Family impressions (part 2/2)
And what about us, the parents? What is our take on this new lifestyle?
- He’s a natural, he’s been drawn to the sea his whole life, so, one might say he’s like a fish in the water! Being on a boat, stepping on the floating deck each morning, looking at the boats around, meeting people who talk and understand boats. Hard to single out what exactly he likes most about our new lifestyle. The whole package is what he likes!
- One thing that stands out perhaps is the freedom to sail away on the week-ends. To travel with no carbon foot-print, using only the force of the wind, and the navigation skills he’s honed throughout his life, first as a kid with his grand-father and godfather, and later, on the many boats he’s crewed on.
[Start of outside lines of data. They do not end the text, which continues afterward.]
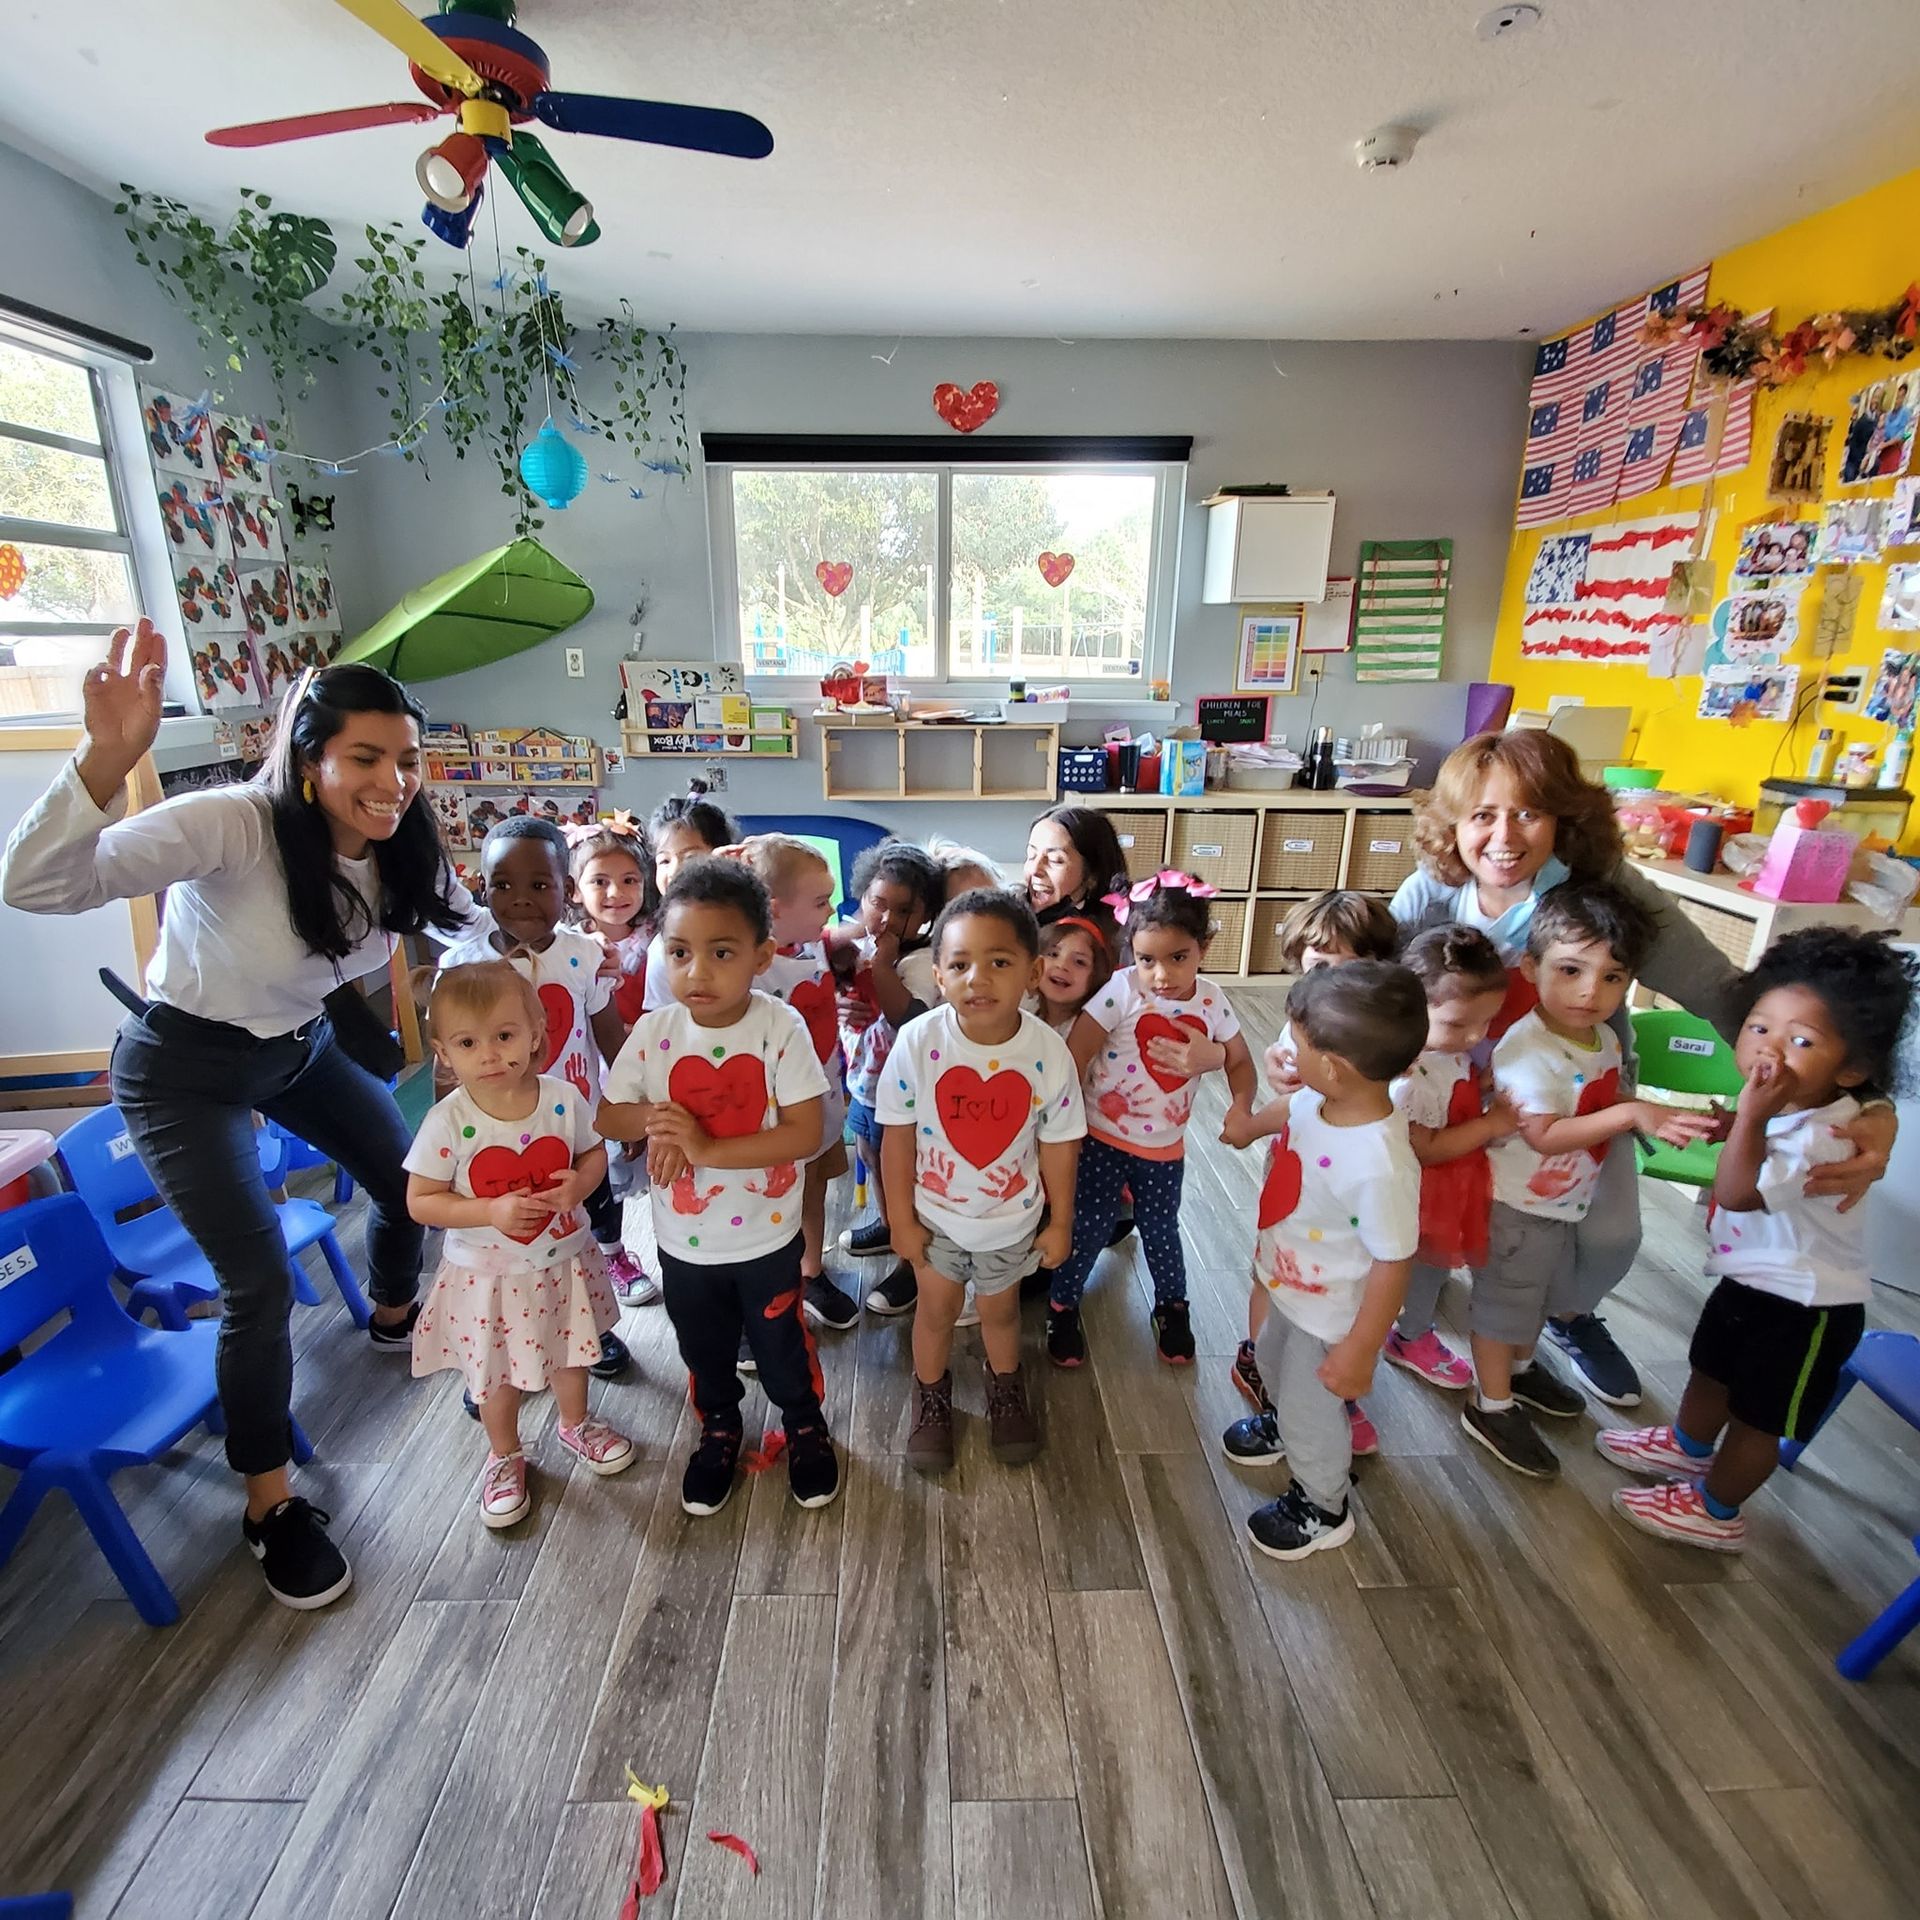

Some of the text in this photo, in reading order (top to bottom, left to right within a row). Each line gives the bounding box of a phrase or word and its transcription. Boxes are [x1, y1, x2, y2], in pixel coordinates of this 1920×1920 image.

[1200, 700, 1240, 709] CHILDREN
[654, 735, 674, 746] Box
[1673, 1039, 1706, 1052] Sarai
[949, 1095, 1009, 1121] I U
[16, 1255, 31, 1269] S.
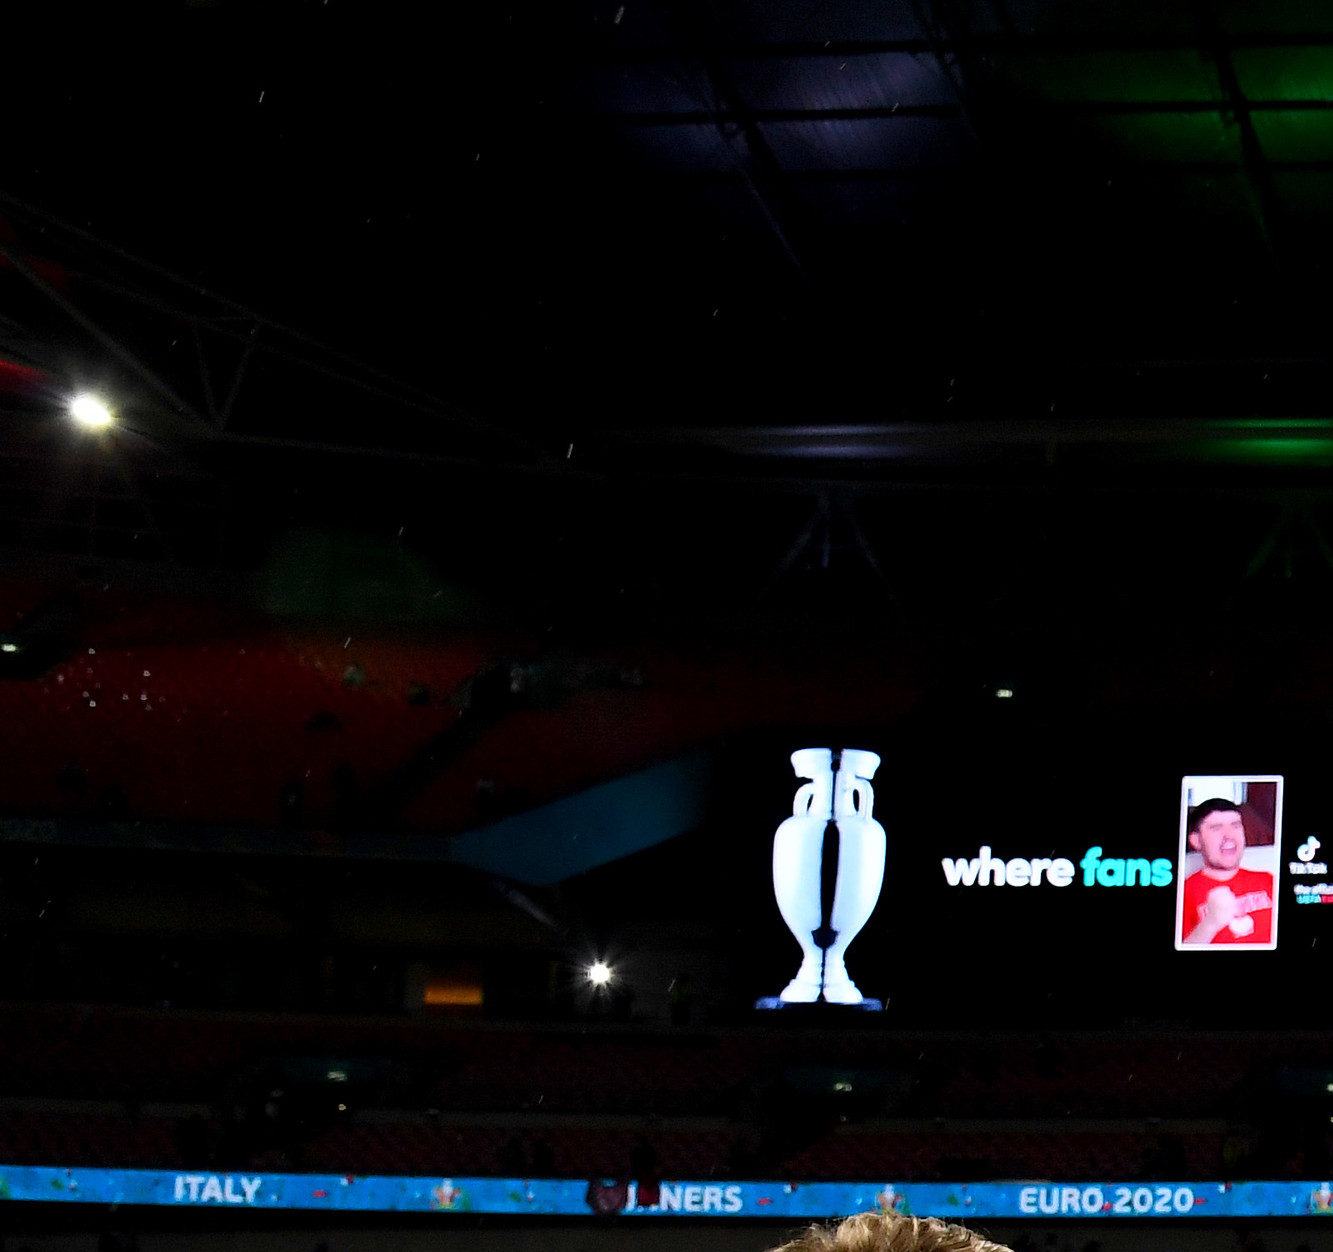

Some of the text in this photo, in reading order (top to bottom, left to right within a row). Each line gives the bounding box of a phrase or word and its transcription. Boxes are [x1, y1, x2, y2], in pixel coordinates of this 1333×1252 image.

Glide on the water peacefully without any engine noise to disturb the picture, just the sound of the waves splashing against the hull and the wind whistling in our ears, be surrounded by boats once again, be it large sports beasts like Team New Zealand, smaller ones like the fleet of NACRA training for the world championships, or other cruising boats, against which we cannot help but try to compare Obelix performance.
- And as our impact is becoming more and more top of mind, living nearly off the grid fills him with unequaled pride, with most of our energy needs powered by solar panels, except a tiny 3-way fridge (think plugged chilly bin) running on shore power while we’re at the marina, and our devices we tend to charge at work.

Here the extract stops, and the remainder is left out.